This hard life was exposed, I was a little overwhelmed, I saw no snoring, the little cherry pouted, "Hey, Xiaozhuang brother, in fact, people can also that, why are you looking for other women."

"Oh." This logic of thinking, stunned me... Little girl has no angry performance, more is resentment, that cute look, I can't help but laugh.

"You are only fifteen now. You can't do that kind of thing, it will affect your physical development." I put a face on my face, which is the default.

Strange, the cherry was taken home two days ago, and I showed my position, but last night, Zhao Wente struck and beat me, in order to protect her, I will not hesitate to resist the second half of the month, plus noon I secretly called in the toilet, and she was clearly heard. When life and death came, I could still remember her, completely touching the little cherry, even if I guessed that I was going to squander the grass, I did not pursue it. After all, even she did not Know how many times you can call Zhuang Feng brother.

"But, people are so big, what development is it." Little cherry did not agree that the subconscious was quite chest.

Looking at her proud double peak, I couldn't help but swallow. I used to see it in the nightclub. The chest shape of the little cherry is very beautiful, especially the two pink grapes, it is easy to stimulate the desire of the man's heart.

It’s just that she is too young. If I am so big, if I can’t eat it, then I’m in trouble. Although I am not a good person, I can’t be a beast. If I resist this hardship, it will be sooner or later. For another two months, the little cherry should have a birthday. When she is sixteen, if I like me like this, I will naturally want her.

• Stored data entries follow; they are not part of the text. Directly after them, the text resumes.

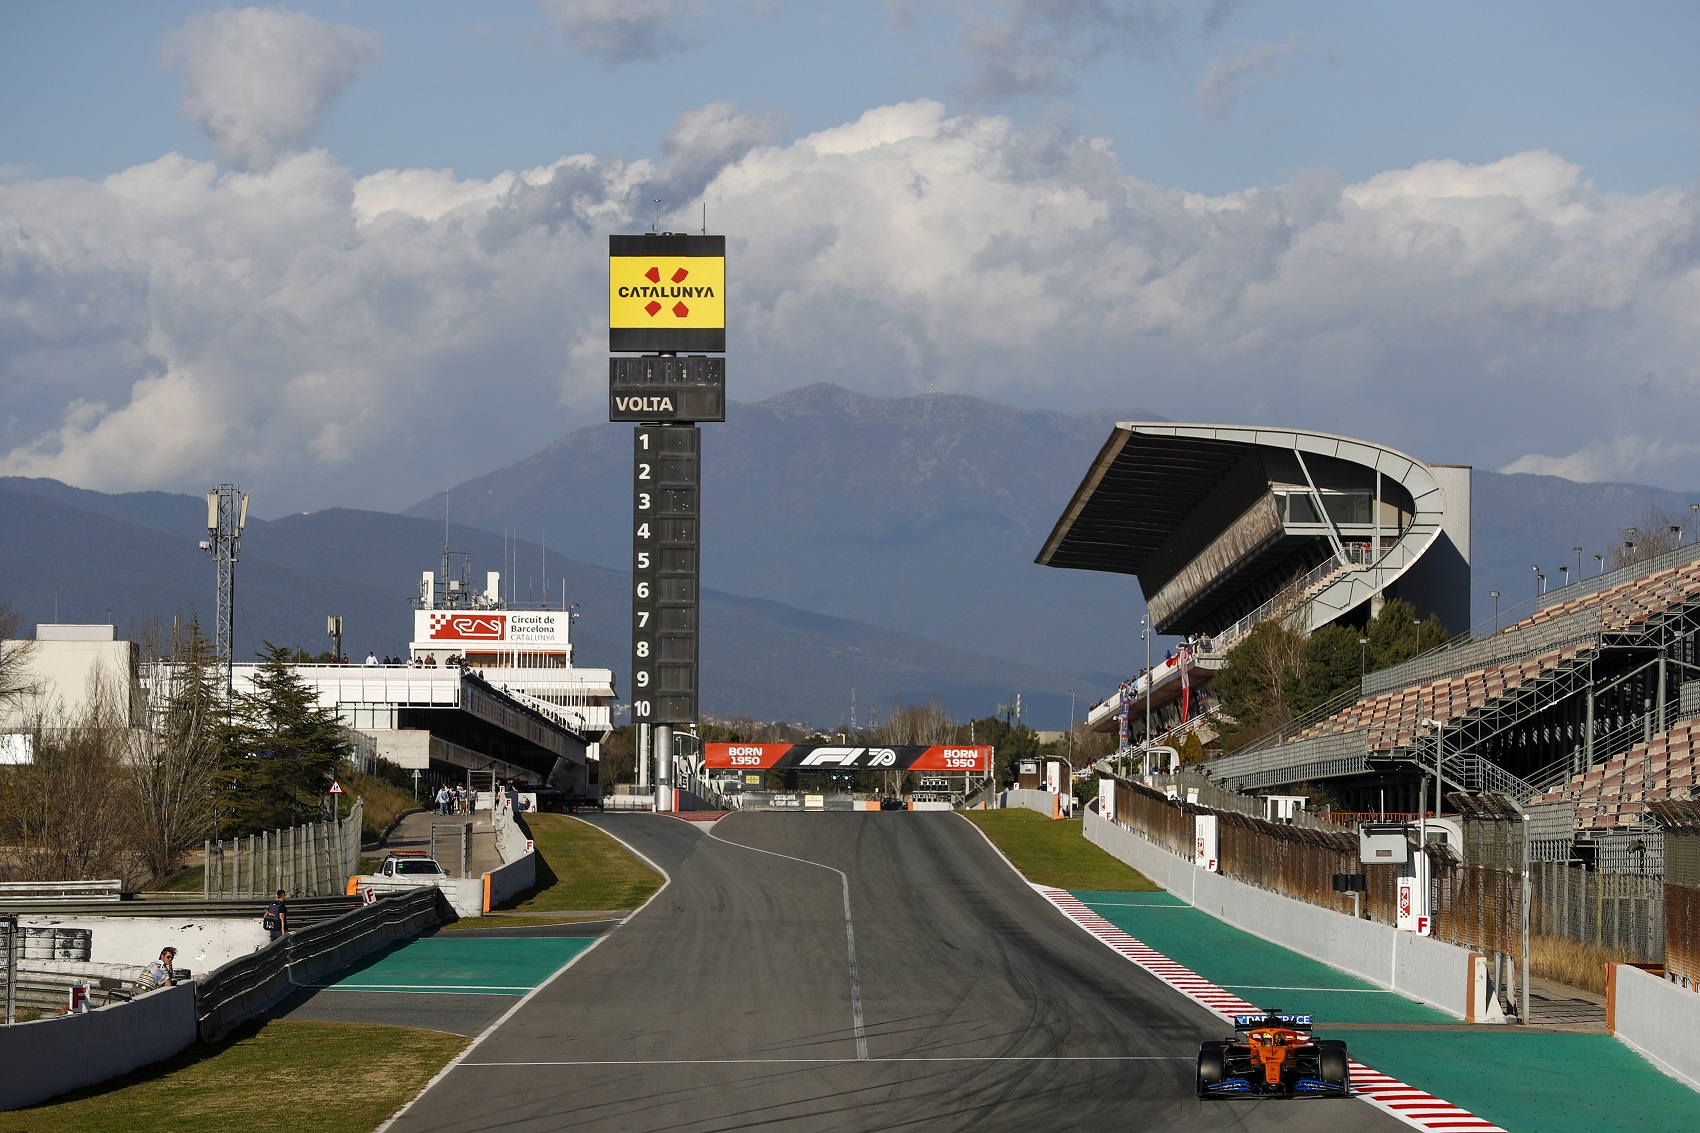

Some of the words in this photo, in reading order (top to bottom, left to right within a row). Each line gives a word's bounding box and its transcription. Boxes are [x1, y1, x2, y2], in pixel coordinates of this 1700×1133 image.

[618, 286, 715, 298] CATALUNYA
[615, 396, 674, 412] VOLTA
[638, 433, 649, 450] 1
[638, 463, 651, 480] 2
[638, 493, 651, 509] 3
[637, 523, 651, 539] 4
[637, 552, 650, 569] 5
[636, 582, 650, 598] 6
[511, 616, 542, 624] Circuit
[543, 616, 555, 624] de
[637, 611, 650, 628] 7
[511, 625, 555, 633] Barcelona
[636, 641, 650, 657] 8
[636, 670, 650, 687] 9
[634, 700, 651, 717] 10
[728, 747, 763, 756] BORN
[800, 747, 867, 766] F1
[943, 749, 978, 758] BORN
[730, 756, 761, 765] 1950
[945, 758, 976, 768] 1950
[506, 799, 511, 807] F
[1106, 812, 1112, 820] F
[527, 841, 533, 850] F
[1208, 859, 1216, 870] F
[366, 888, 374, 903] F
[1417, 917, 1428, 933] F
[72, 987, 87, 1009] F

After all, she has been living in a nightclub for more than ten years. Her thinking mode is relatively fixed. When she adapts to the outside world, the concept of right and wrong will change. My biggest concern is that after the cherry has a relationship with me, I feel remorse, so I Also unwilling to go, unlike Liu Yuhan and Xunzi, are adults, and have a measure of their own behavior.

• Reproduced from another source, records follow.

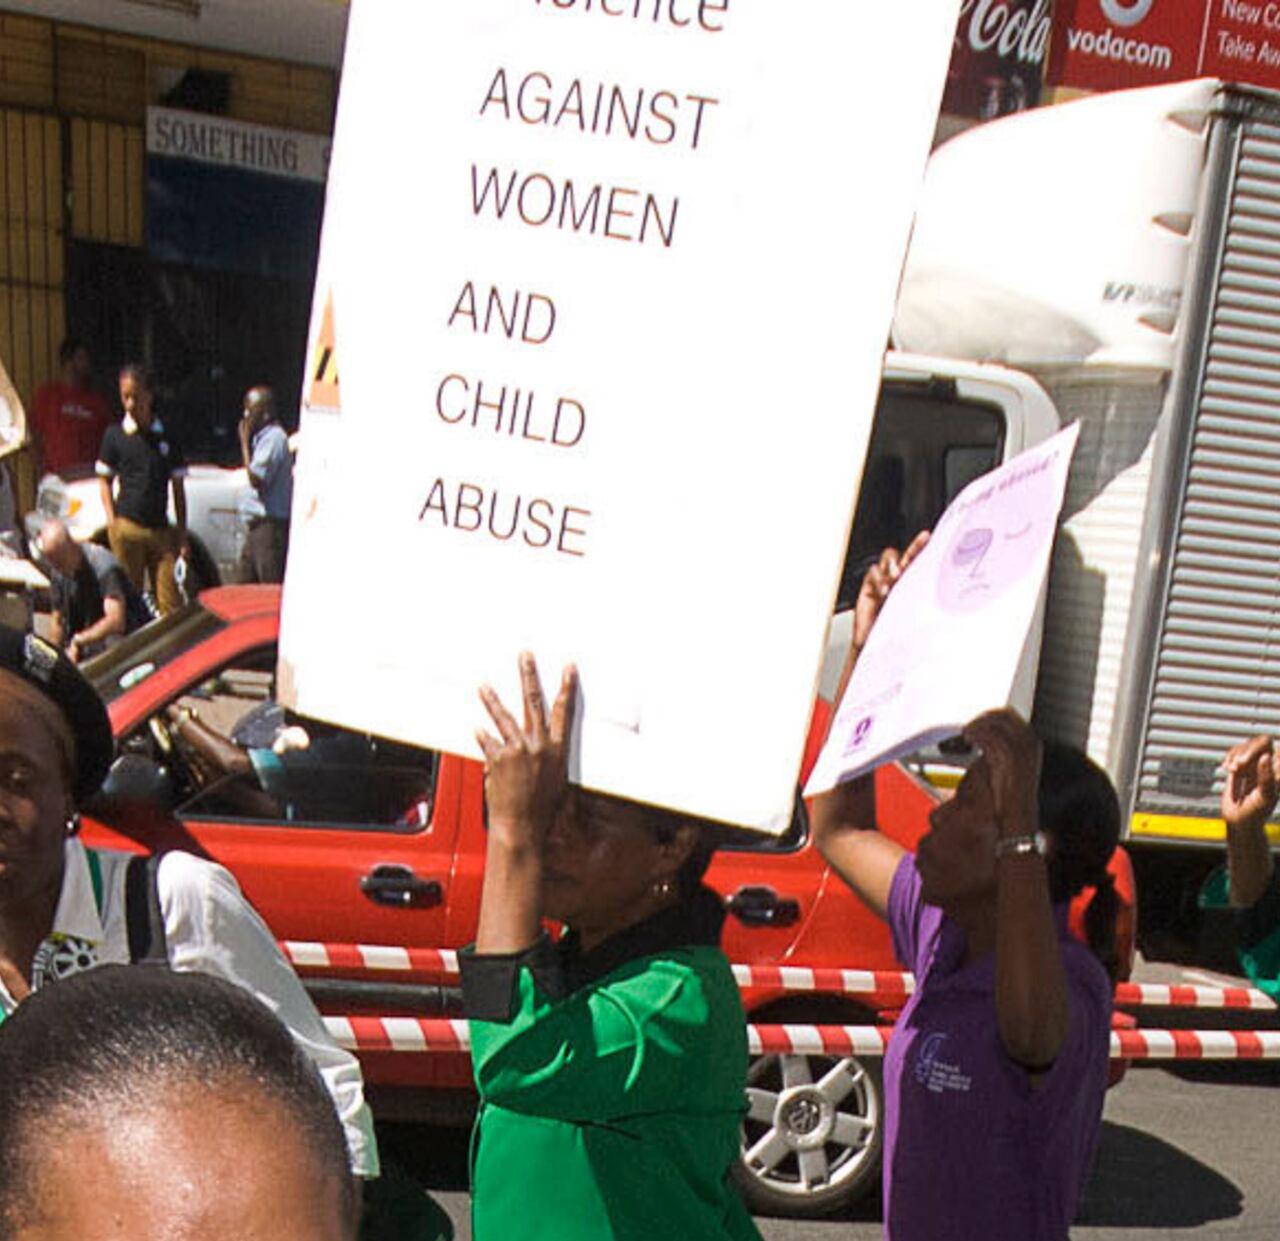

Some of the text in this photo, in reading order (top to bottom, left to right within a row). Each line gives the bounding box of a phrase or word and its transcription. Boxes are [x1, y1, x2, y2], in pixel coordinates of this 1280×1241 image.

[1222, 0, 1261, 24] New
[1067, 27, 1172, 70] vodacom
[1218, 30, 1255, 62] Take
[478, 66, 720, 151] AGAINST
[155, 115, 299, 172] SOMETHING
[469, 163, 680, 249] WOMEN
[446, 279, 558, 346] AND
[434, 372, 587, 449] CHILD
[417, 476, 592, 558] ABUSE

In fact, this year is relatively open, let's take the three middle schools, many high school primary school girls, have become a handful of goods, and some even had a baby, I can not understand the kind of girl, do not know self-love, in order to That face, playing with those boys who are well mixed, and finally went to bed, until the twenties, when you talk about marriage, you have to go to the house, you may not remember, which small hostel you are in, Or lost the first time in the haystack.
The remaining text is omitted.